Liegt der Bewerbermangel nur am demografischen Wandel und der Studierneigung der Jugend?

Mich lässt hellhörig werden, dass Betriebe nach eigener Aussage keine "passenden" Auszubildenden finden. Ich frage mich schon lange, was das heißt. Geht es um Pünktlichkeit, Zuverlässigkeit und Fleiß, also Werte, die mit Blick auf "künftige Sicherung unseres Wohlstands" auch über das Handwerk hinaus weiter im Fokus stehen? Ist es jemand mit Vorwissen? Geht es um Schulnoten? "Passt" jemand, der zwar nicht mit dem Schulzeugnis punktet, aber neugierig ist auf ein breites Berufsspektrum und den Betrieb mit Kreativität bereichern könnte? Für mich ist häufig nicht klar zu erkennen, was "passend" bedeutet. Das wirkt sich eventuell auch auf die Suche nach Personal aus.

Das Malerhandwerk bildet auch viele Auszubildende mit Hauptschulabschluss oder ganz ohne Abschluss aus. Das ist oft schwierig. Viele Chefs schaffen es nicht, sich mit dadurch entstehenden Problemen auseinanderzusetzen.

Absolut. Aber viele Chefs wollen auch nichts in andere Hände geben. Und was heißt "problematisch"? In meiner Erfahrung war es immer dann problematisch, wenn Denken und Handeln des Kindes oder Jugendlichen von meinen Wertvorstellungen abwichen. Jeder Mensch ist eine Persönlichkeit mit Ecken und Kanten und alle sind letztlich das Ergebnis von Erziehung und Gesellschaft der vorherigen Generation. Schon vor Jahren bin ich mehr und mehr einen Schritt zurückgetreten und habe kritisch reflektiert. Mir diese Zeit zum Beobachten zu nehmen, fragen, ohne zu kontrollieren, stärker hin- und zuhören, hat meine Haltung und Beziehung zu jungen Menschen wesentlich verändert, für beide Seiten eine enorme Weiterentwicklung.

Wie könnten solche Erkenntnisse in die Breite getragen werden?

Ich beschäftige mich schon lange mit den Herausforderungen des Handwerks in einer sich verändernden Arbeitswelt.
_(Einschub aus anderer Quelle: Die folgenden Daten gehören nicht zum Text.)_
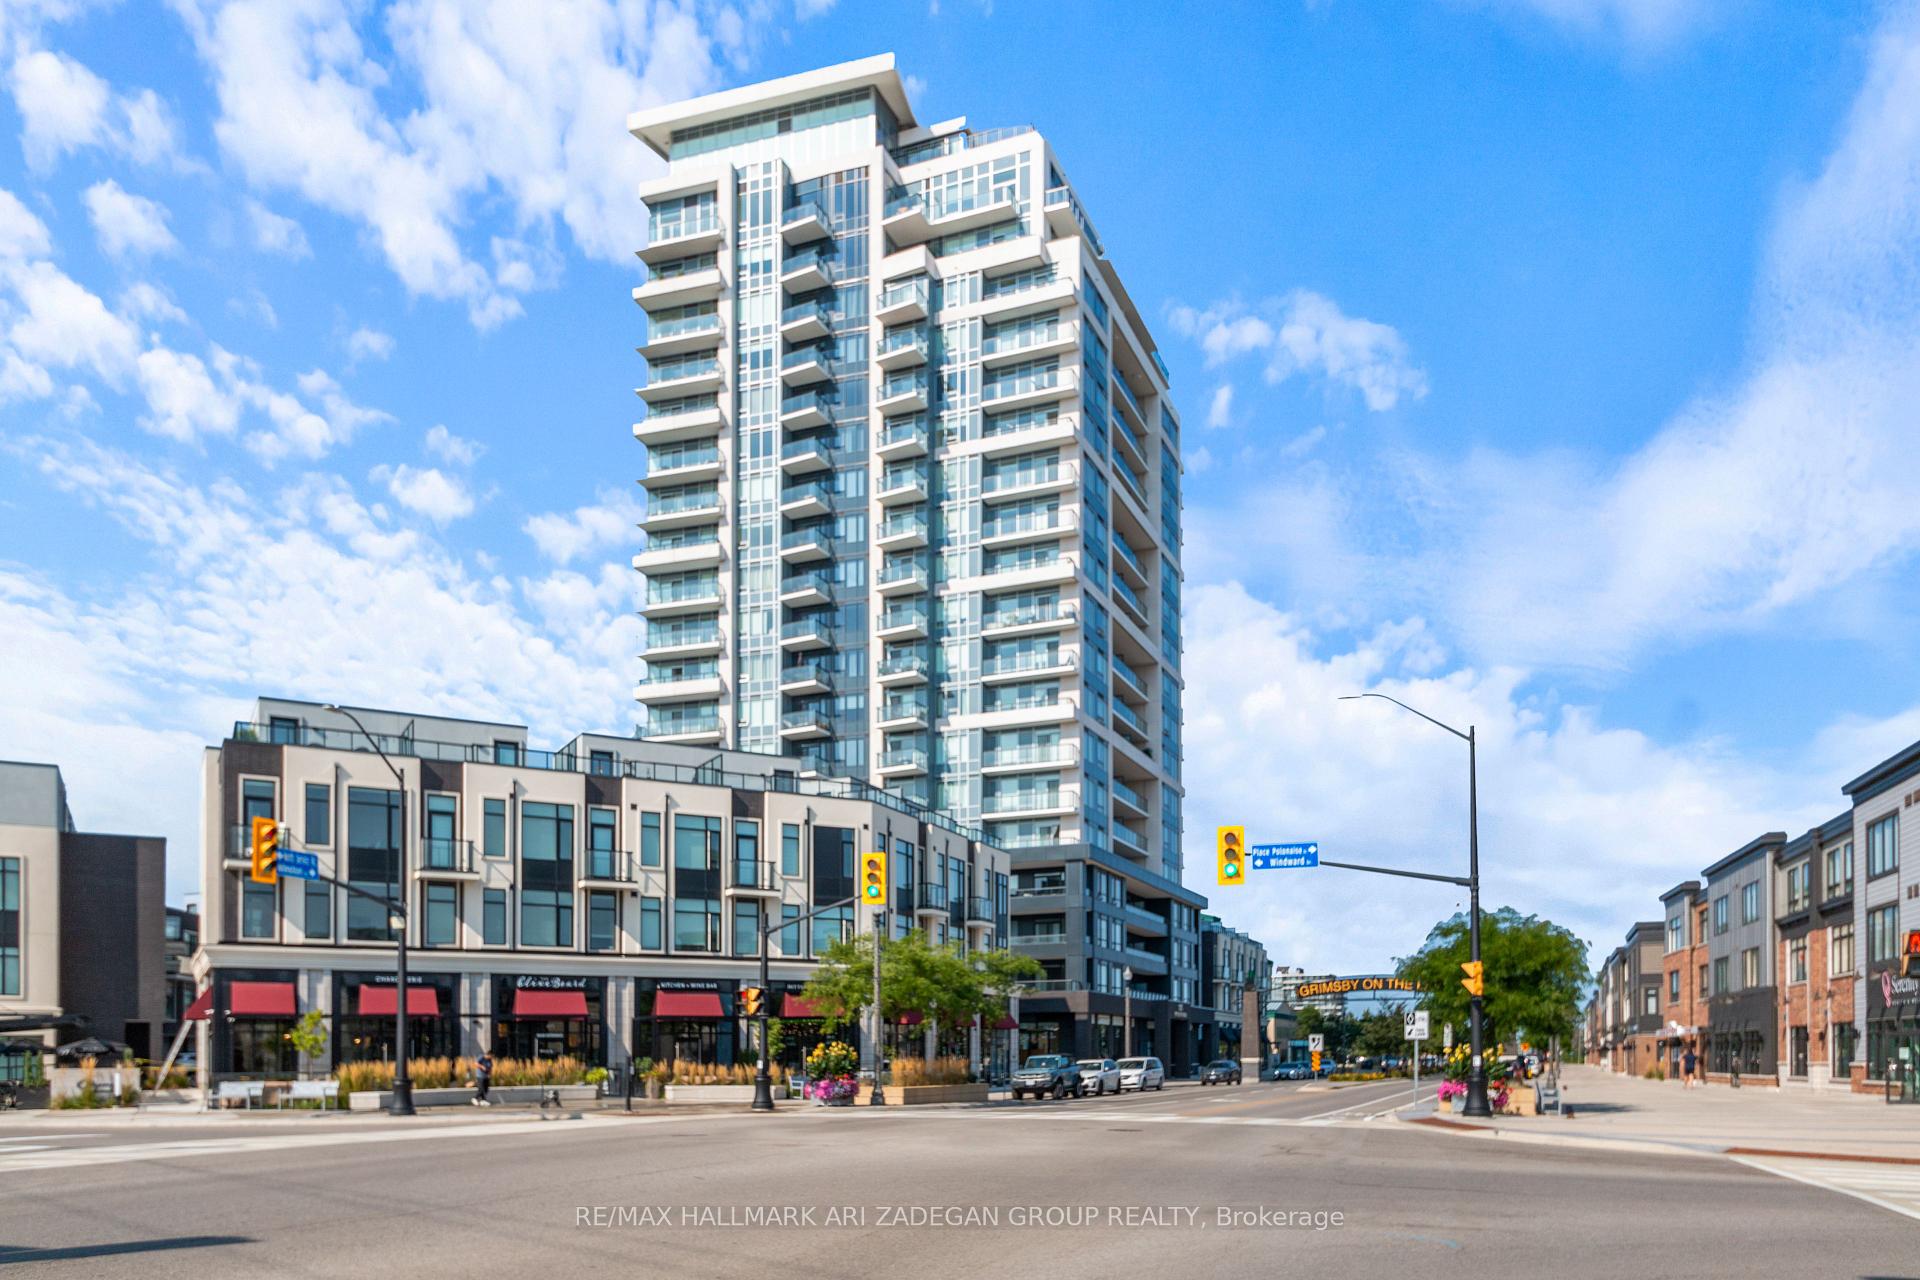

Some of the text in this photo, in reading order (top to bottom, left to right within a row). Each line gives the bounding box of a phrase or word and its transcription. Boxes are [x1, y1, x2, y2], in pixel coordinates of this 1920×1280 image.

[1253, 848, 1270, 857] Place
[1272, 846, 1303, 856] Polonaise
[1270, 857, 1305, 867] Windward
[660, 981, 686, 989] KITCHEN
[1299, 978, 1359, 998] GRIMSBY
[1362, 978, 1384, 991] ON
[1387, 978, 1413, 991] THE
Auf Auszubildende bezogen gibt es inzwischen einige Studien, zum Beispiel zum Ghosting, wenn also Auszubildende trotz Vertrag nicht erscheinen. Andererseits höre ich von Jugendlichen, dass auch sie Ghosting erleben, wenn Betriebe nicht oder erst nach Wochen auf ihre Bewerbung reagieren. Mich macht das stutzig und mir werden die Gründe auf betrieblicher Seite zu wenig erforscht. Das aber könnte das Thema Ausbildung voranbringen.
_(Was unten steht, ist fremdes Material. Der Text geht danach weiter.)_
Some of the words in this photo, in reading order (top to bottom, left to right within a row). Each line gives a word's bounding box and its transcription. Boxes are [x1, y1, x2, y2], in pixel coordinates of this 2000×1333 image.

Müssten sich Meister und Ausbilder dann auch anders auf die Ausbildung vorbereiten?

Dazu fällt mir spontan die Aussage eines Unternehmers ein: Personalentwicklung und -führung kamen ihm in der Meisterprüfungsvorbereitung zu kurz. Natürlich, Handwerk ist Technik, Kern der Meisterprüfung als "Befähigungsnachweis" ist seit jeher die Sach- und Fachkompetenz, eben das "Was". Doch der Prozess vom "Was" zum "Warum" der Mensch etwas tut hat sich umgekehrt. Sinn und Bewusstsein stehen inzwischen an erster Stelle und nicht mehr der reine Broterwerb.